* [About this exercise]:
Retype the listing exactly; omit pictures.

* [Material for this exercise]:
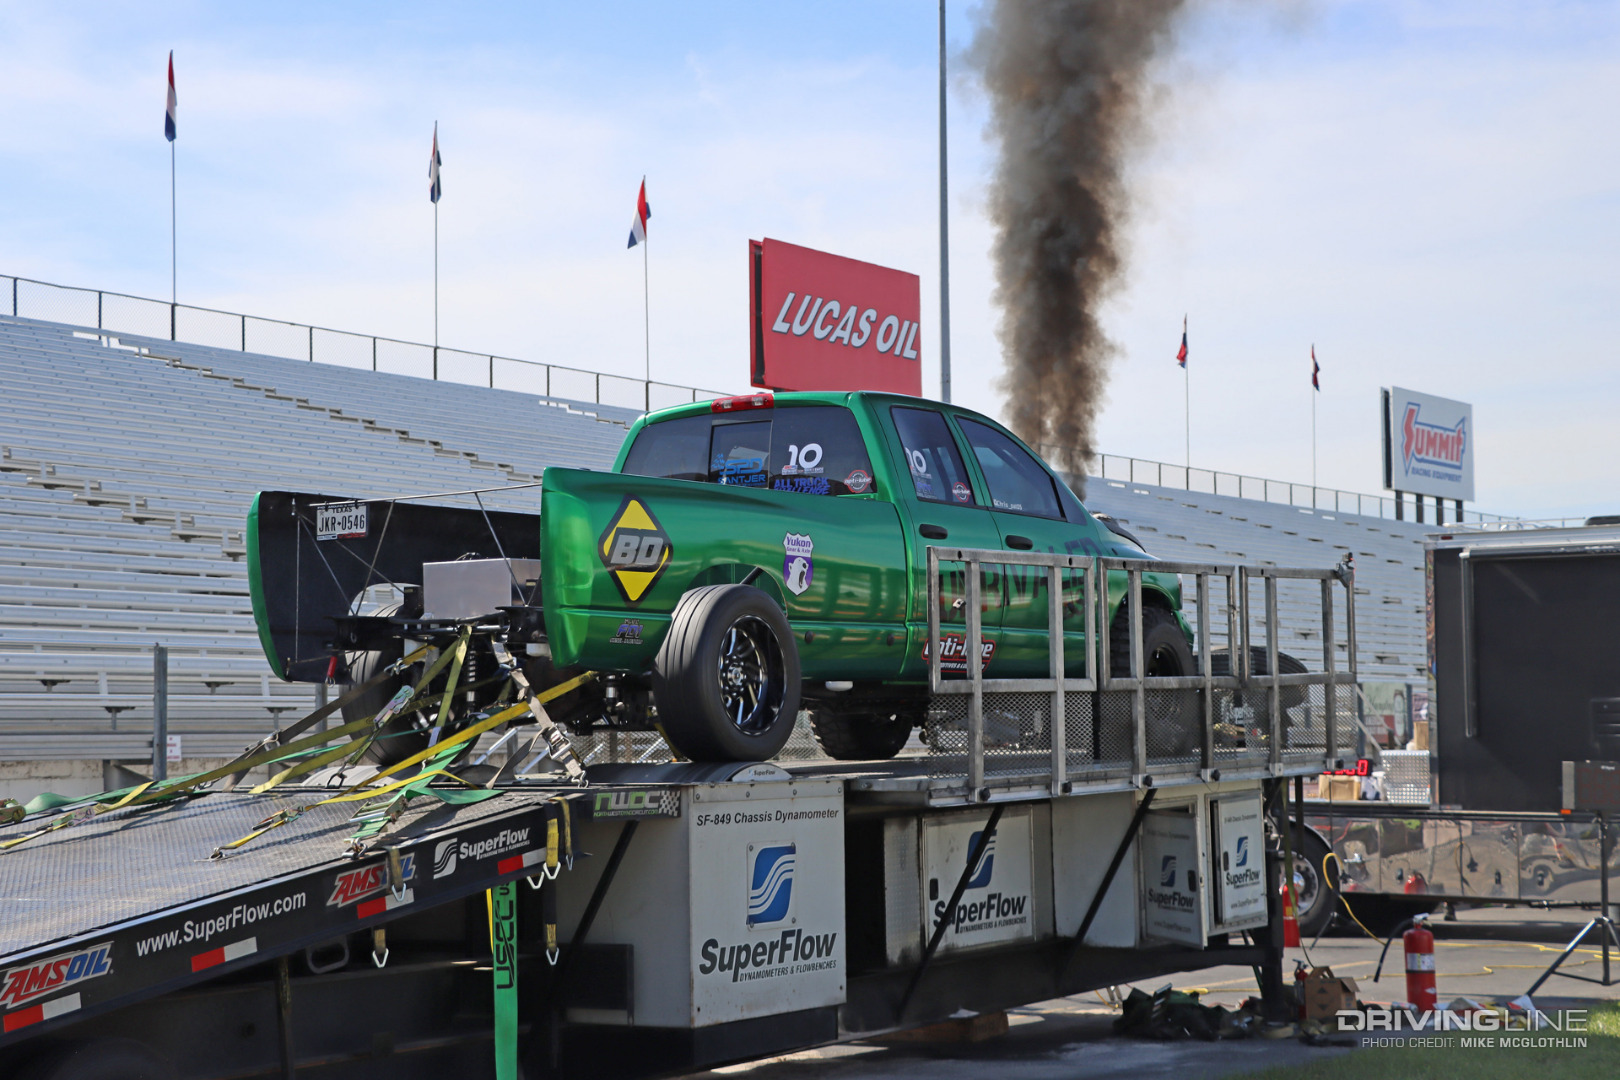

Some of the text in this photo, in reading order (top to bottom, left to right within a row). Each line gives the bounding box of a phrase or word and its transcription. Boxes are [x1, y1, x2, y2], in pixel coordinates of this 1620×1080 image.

[772, 292, 918, 360] LUCAS OIL
[1404, 407, 1464, 463] SUMMIT
[789, 443, 823, 469] 10
[775, 479, 793, 489] ALL
[793, 477, 829, 489] TRUCK
[332, 506, 353, 514] TEXAS
[610, 534, 664, 566] BD
[786, 536, 811, 548] Yukon
[697, 808, 839, 827] SF-849 Chassis Dynamometer
[460, 827, 530, 861] SuperFlow
[1226, 868, 1260, 889] SuperFlow
[1148, 888, 1194, 909] SuperFlow
[136, 892, 306, 957] www.SuperFlow.com
[699, 928, 837, 982] SuperFlow
[0, 948, 109, 1005] AMSOIL
[739, 960, 837, 982] DYNAMOMETERS & FLOWBENCHES

* [The answer]:
Some of the text in this photo, in reading order (top to bottom, left to right within a row). Each line gives the bounding box of a phrase or word and its transcription. Boxes are [x1, y1, x2, y2], in pixel coordinates of this 1620×1080 image.

[772, 292, 918, 360] LUCAS OIL
[1404, 407, 1464, 463] SUMMIT
[789, 443, 823, 469] 10
[775, 479, 793, 489] ALL
[793, 477, 829, 489] TRUCK
[332, 506, 353, 514] TEXAS
[610, 534, 664, 566] BD
[786, 536, 811, 548] Yukon
[697, 808, 839, 827] SF-849 Chassis Dynamometer
[460, 827, 530, 861] SuperFlow
[1226, 868, 1260, 889] SuperFlow
[1148, 888, 1194, 909] SuperFlow
[136, 892, 306, 957] www.SuperFlow.com
[699, 928, 837, 982] SuperFlow
[0, 948, 109, 1005] AMSOIL
[739, 960, 837, 982] DYNAMOMETERS & FLOWBENCHES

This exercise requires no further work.